_Work order_
Reproduce the complete set of records exactly. No picture is to appear in the copy.
= Beginning of Section =
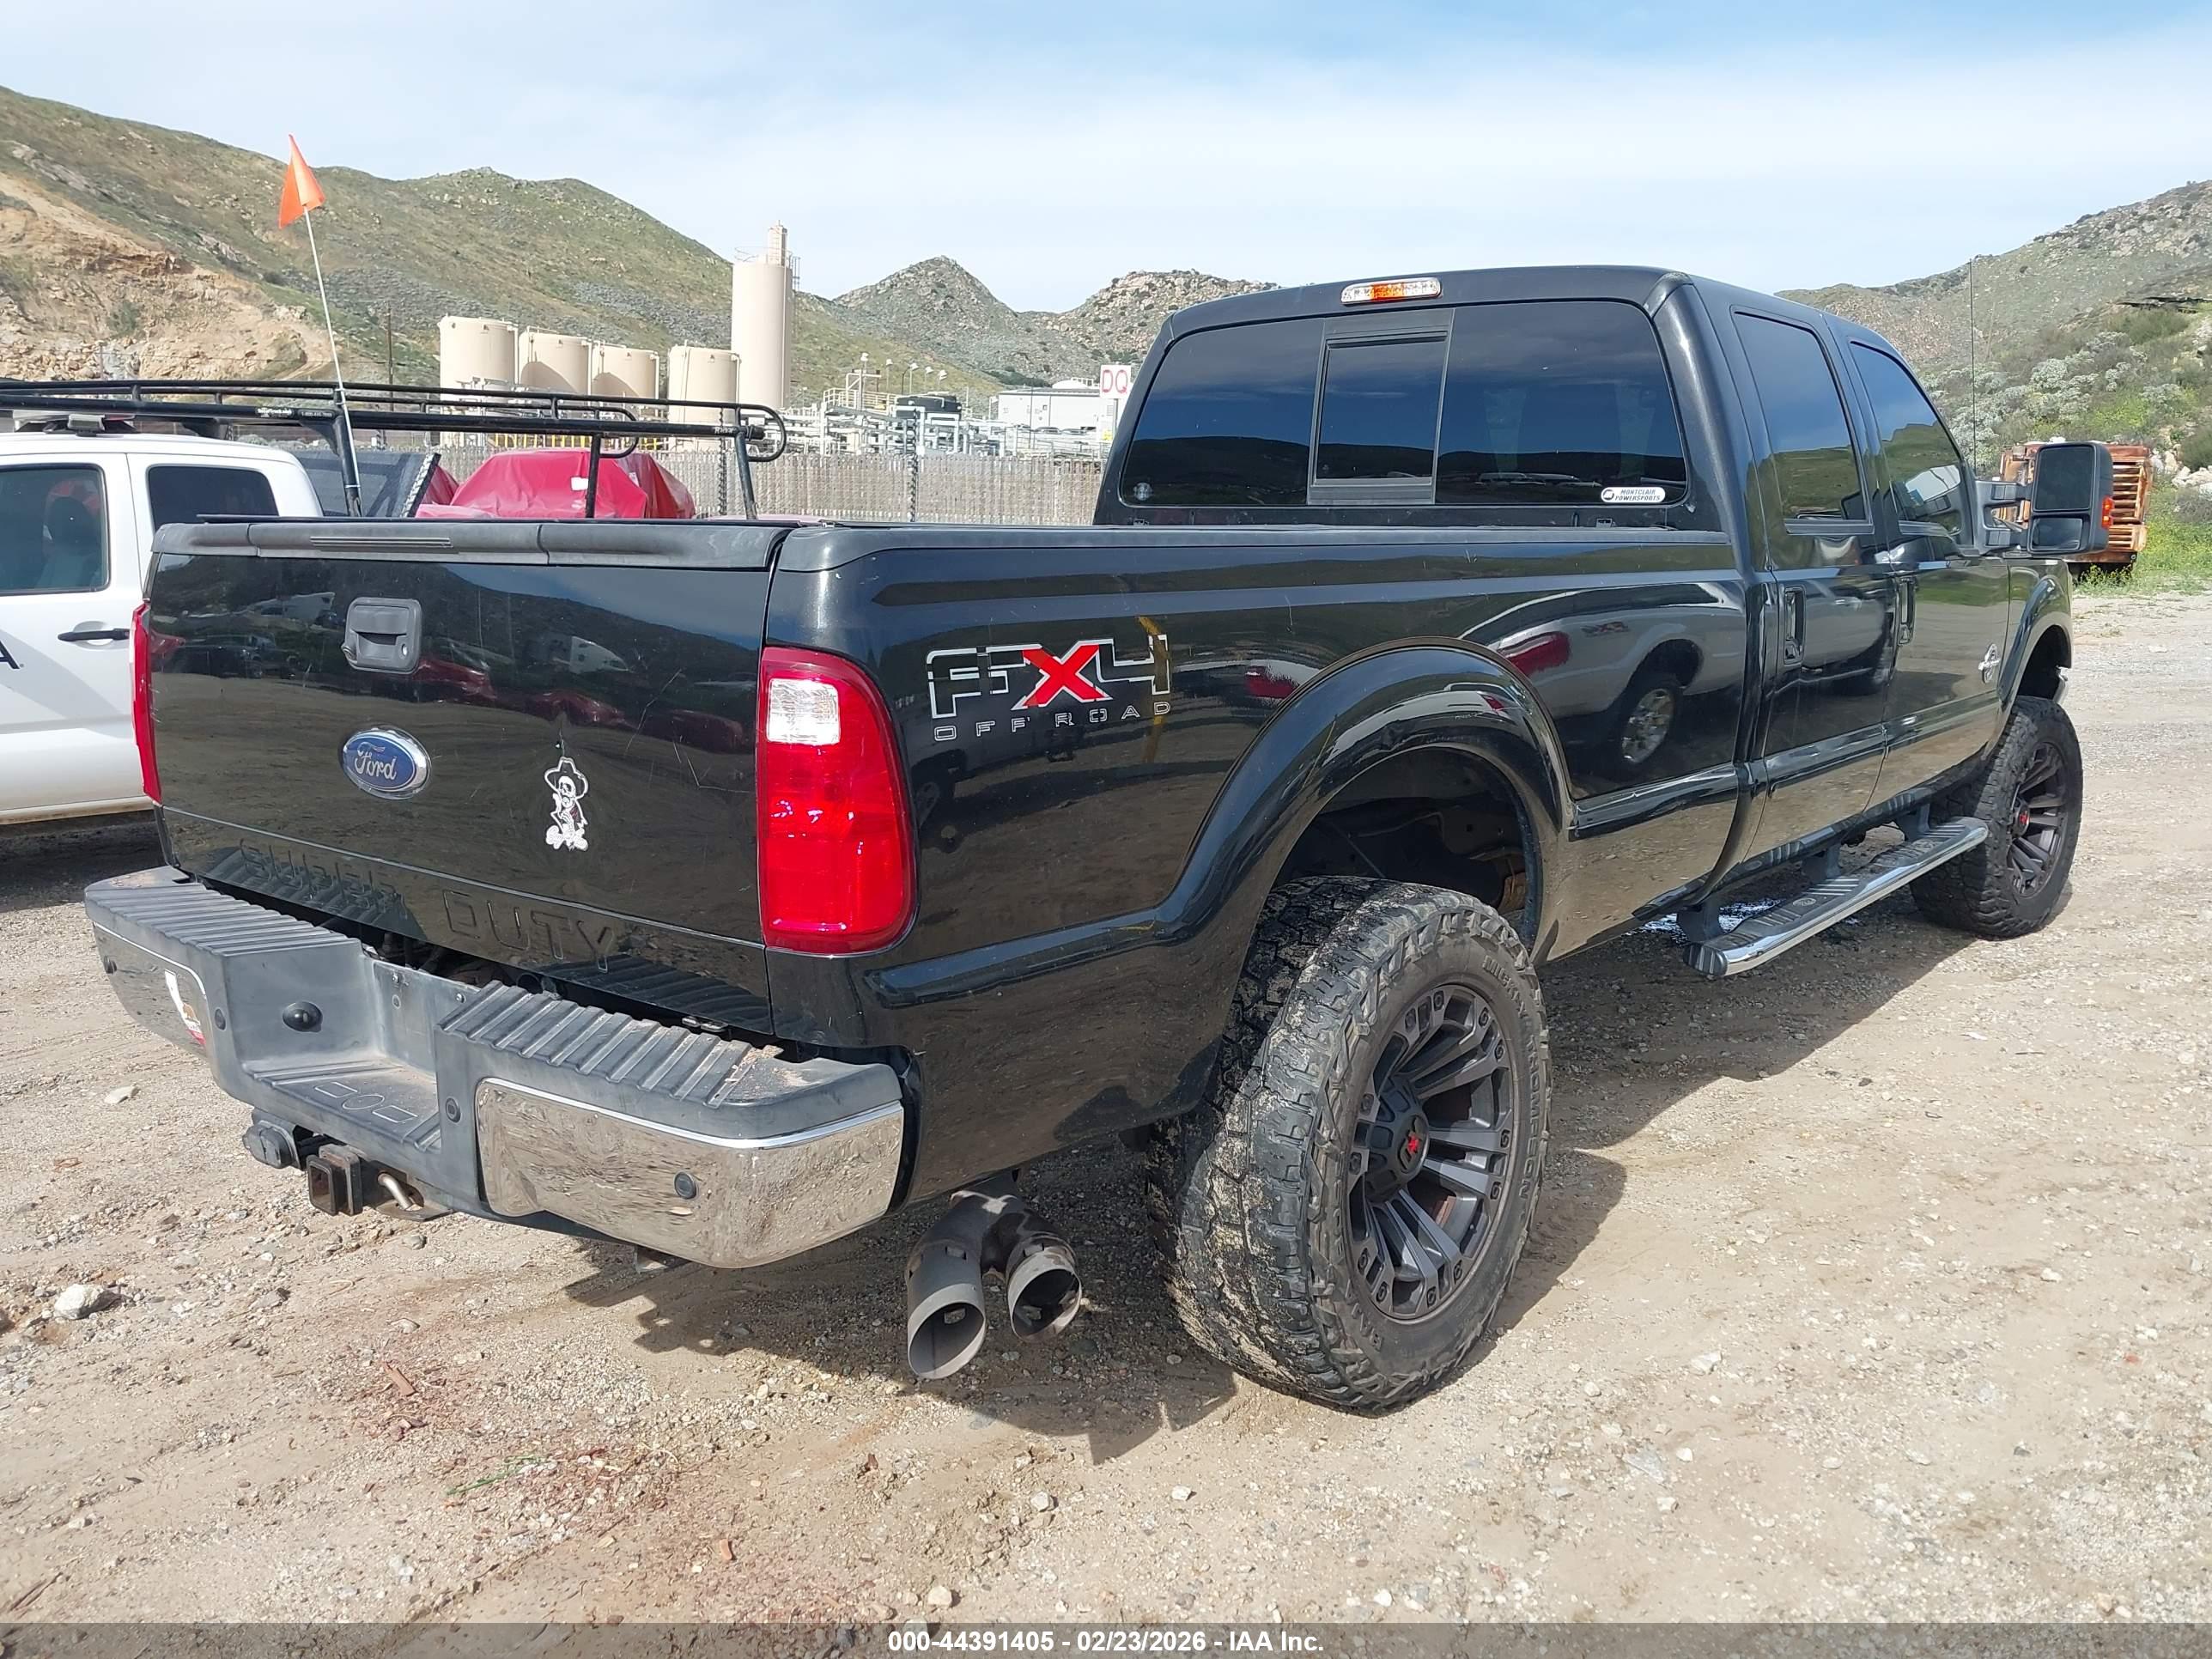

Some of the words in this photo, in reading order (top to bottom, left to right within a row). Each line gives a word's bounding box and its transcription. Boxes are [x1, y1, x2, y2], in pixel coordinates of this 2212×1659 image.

[927, 634, 1170, 719] FX4
[354, 742, 398, 781] Ford
[933, 717, 1030, 742] OFF
[1054, 701, 1171, 728] ROAD
[442, 888, 616, 974] DUTY
[1518, 1034, 1540, 1200] THOMPSON
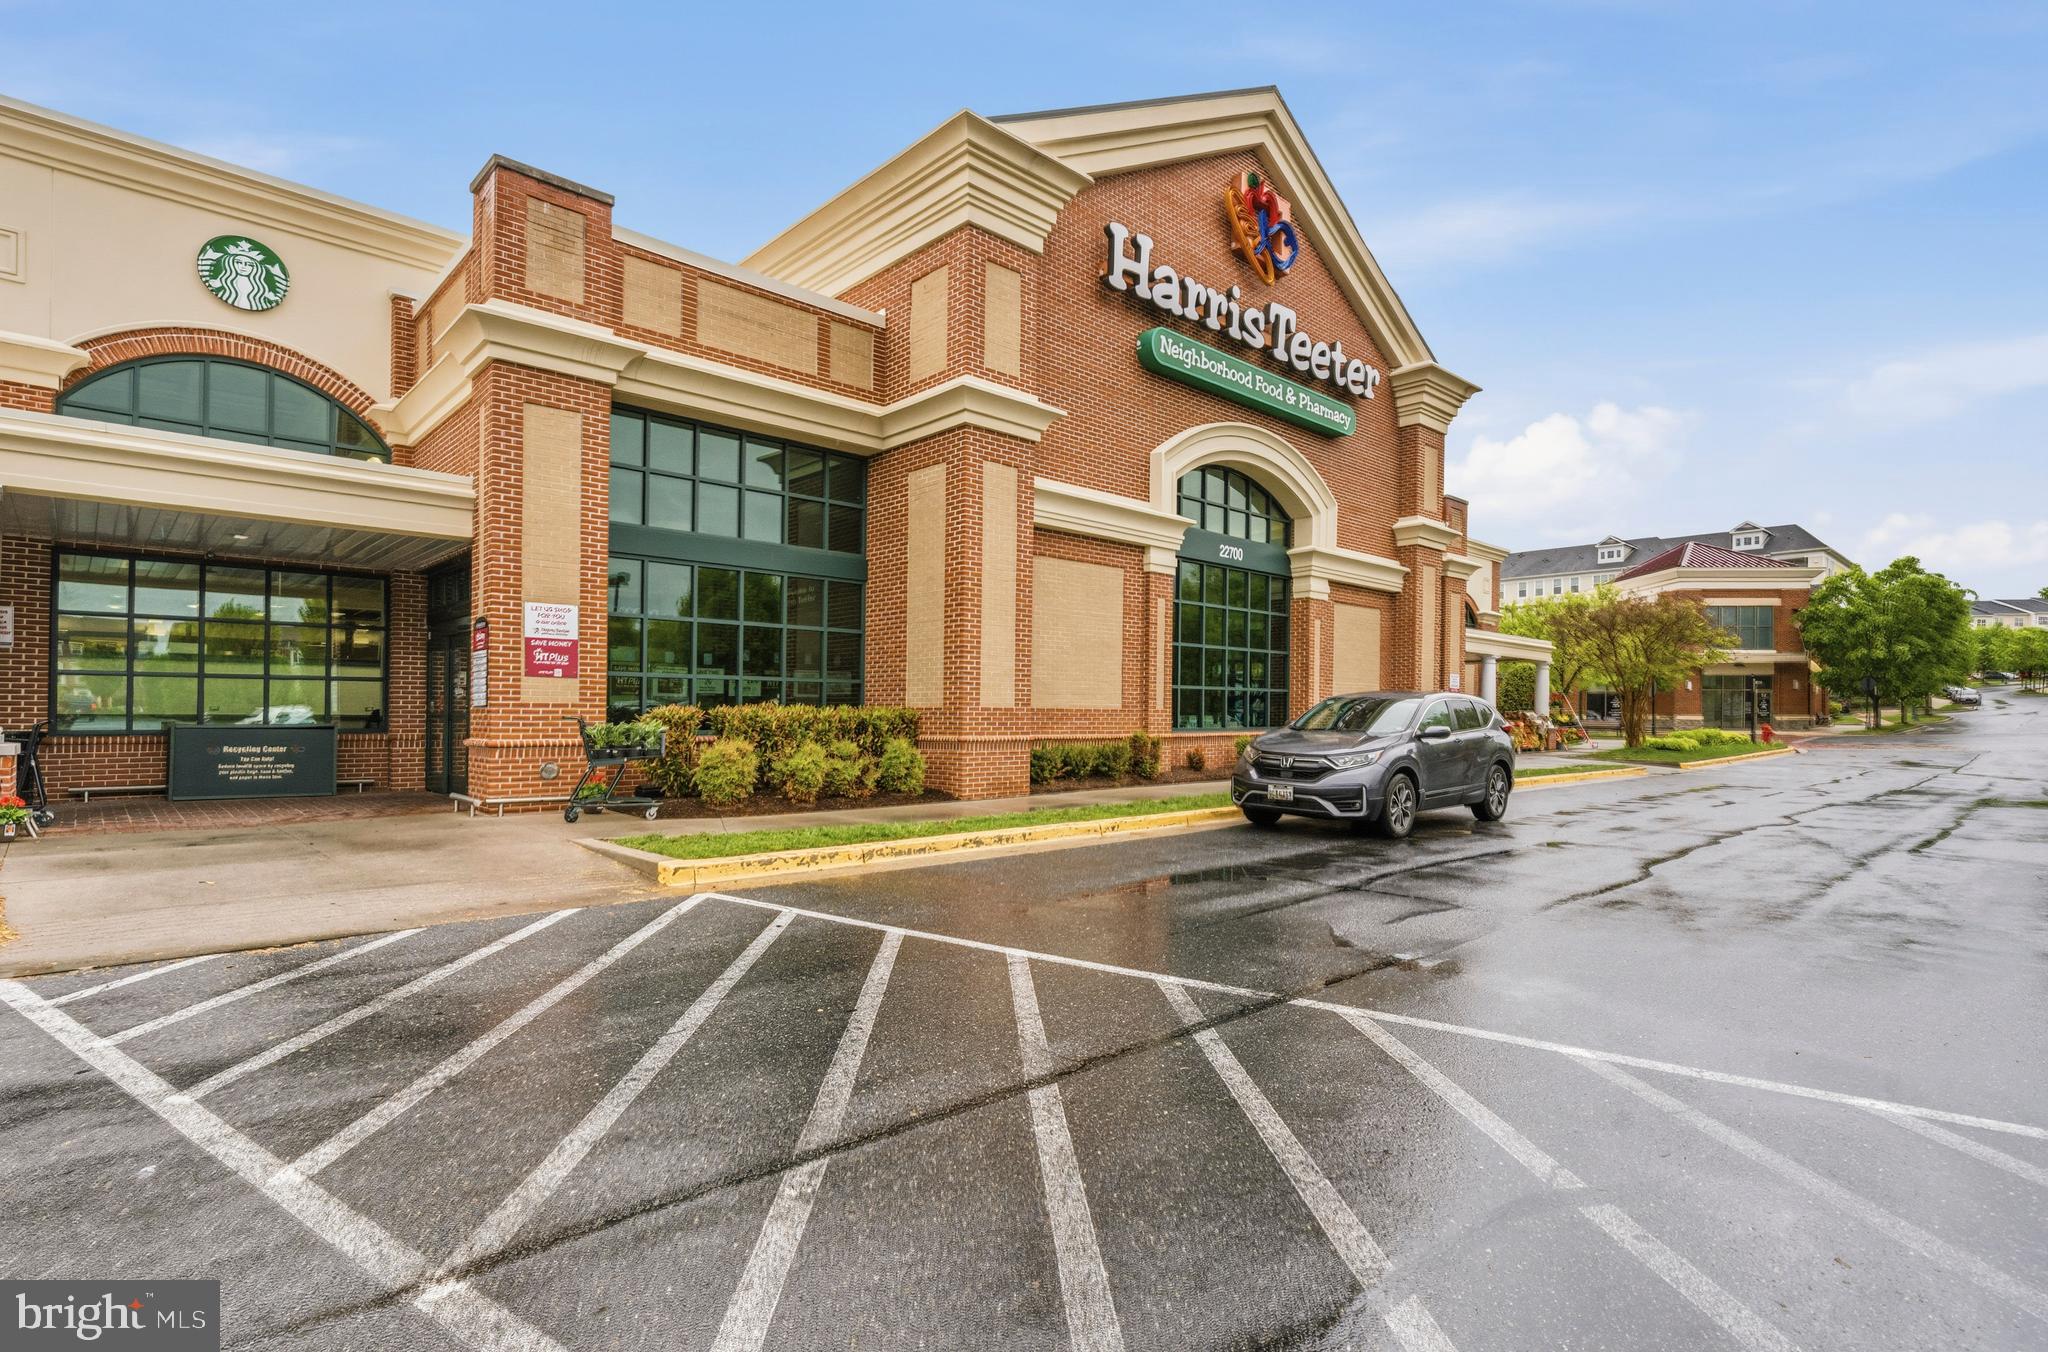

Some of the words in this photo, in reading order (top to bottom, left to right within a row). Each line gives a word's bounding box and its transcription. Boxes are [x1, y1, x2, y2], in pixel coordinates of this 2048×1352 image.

[1106, 222, 1265, 349] Harris
[1269, 302, 1380, 399] Teeter
[1160, 335, 1252, 389] Neighborhood
[1255, 375, 1283, 401] Food
[1286, 387, 1296, 405] &
[1299, 393, 1351, 430] Pharmacy
[1219, 544, 1244, 561] 22700
[548, 653, 569, 662] Plus
[223, 745, 260, 754] Recycling
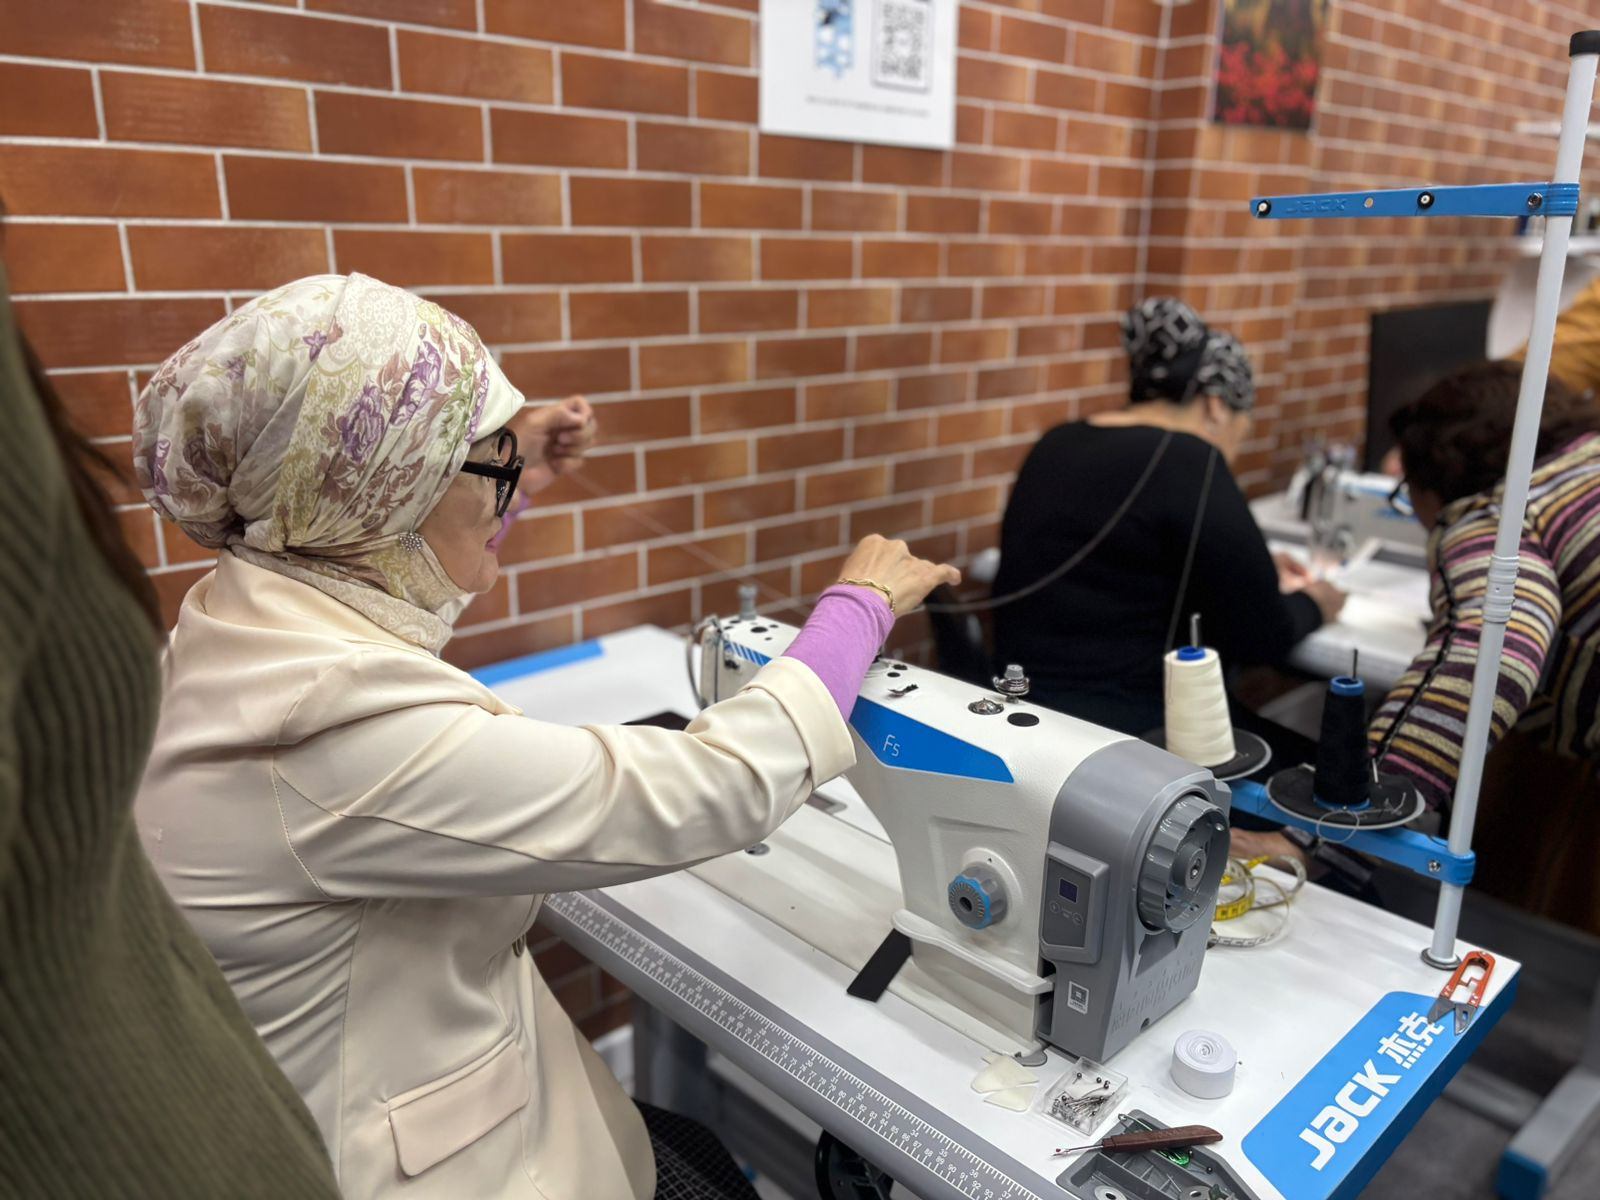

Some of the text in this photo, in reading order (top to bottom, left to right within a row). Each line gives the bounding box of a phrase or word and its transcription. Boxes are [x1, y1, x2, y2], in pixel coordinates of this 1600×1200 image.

[799, 1063, 807, 1071] 76
[808, 1070, 817, 1078] 77
[819, 1076, 827, 1084] 78
[828, 1083, 837, 1091] 79
[838, 1090, 847, 1098] 80
[848, 1096, 856, 1105] 81
[859, 1103, 867, 1112] 82
[869, 1110, 878, 1119] 83
[879, 1118, 888, 1127] 84
[891, 1125, 900, 1134] 85
[902, 1132, 911, 1141] 86
[913, 1140, 922, 1149] 87
[924, 1148, 934, 1157] 88
[936, 1156, 945, 1165] 89
[948, 1163, 957, 1173] 90
[960, 1172, 968, 1181] 91
[972, 1180, 981, 1190] 92
[984, 1188, 994, 1198] 93
[830, 1076, 838, 1084] 31
[855, 1092, 864, 1100] 32
[882, 1110, 891, 1119] 33
[910, 1129, 919, 1137] 34
[939, 1148, 948, 1157] 35
[969, 1168, 979, 1178] 36
[1001, 1190, 1011, 1199] 37
= End of Section =
_Solution for this task_
Some of the words in this photo, in reading order (top to bottom, left to right within a row). Each line gives a word's bounding box and its transcription. Boxes are [x1, y1, x2, y2], in pixel coordinates of this 2212×1659 image.

[927, 634, 1170, 719] FX4
[354, 742, 398, 781] Ford
[933, 717, 1030, 742] OFF
[1054, 701, 1171, 728] ROAD
[442, 888, 616, 974] DUTY
[1518, 1034, 1540, 1200] THOMPSON

Some of the words in this photo, in reading order (top to bottom, left to right within a row). Each line gives a word's bounding box and its transcription. Boxes are [x1, y1, x2, y2], in pixel coordinates of this 2048×1352 image.

[1106, 222, 1265, 349] Harris
[1269, 302, 1380, 399] Teeter
[1160, 335, 1252, 389] Neighborhood
[1255, 375, 1283, 401] Food
[1286, 387, 1296, 405] &
[1299, 393, 1351, 430] Pharmacy
[1219, 544, 1244, 561] 22700
[548, 653, 569, 662] Plus
[223, 745, 260, 754] Recycling

Some of the text in this photo, in reading order (top to bottom, left to right within a row). Each line gives the bounding box of a phrase or word and its transcription. Boxes are [x1, y1, x2, y2], in pixel coordinates of this 1600×1200 image.

[799, 1063, 807, 1071] 76
[808, 1070, 817, 1078] 77
[819, 1076, 827, 1084] 78
[828, 1083, 837, 1091] 79
[838, 1090, 847, 1098] 80
[848, 1096, 856, 1105] 81
[859, 1103, 867, 1112] 82
[869, 1110, 878, 1119] 83
[879, 1118, 888, 1127] 84
[891, 1125, 900, 1134] 85
[902, 1132, 911, 1141] 86
[913, 1140, 922, 1149] 87
[924, 1148, 934, 1157] 88
[936, 1156, 945, 1165] 89
[948, 1163, 957, 1173] 90
[960, 1172, 968, 1181] 91
[972, 1180, 981, 1190] 92
[984, 1188, 994, 1198] 93
[830, 1076, 838, 1084] 31
[855, 1092, 864, 1100] 32
[882, 1110, 891, 1119] 33
[910, 1129, 919, 1137] 34
[939, 1148, 948, 1157] 35
[969, 1168, 979, 1178] 36
[1001, 1190, 1011, 1199] 37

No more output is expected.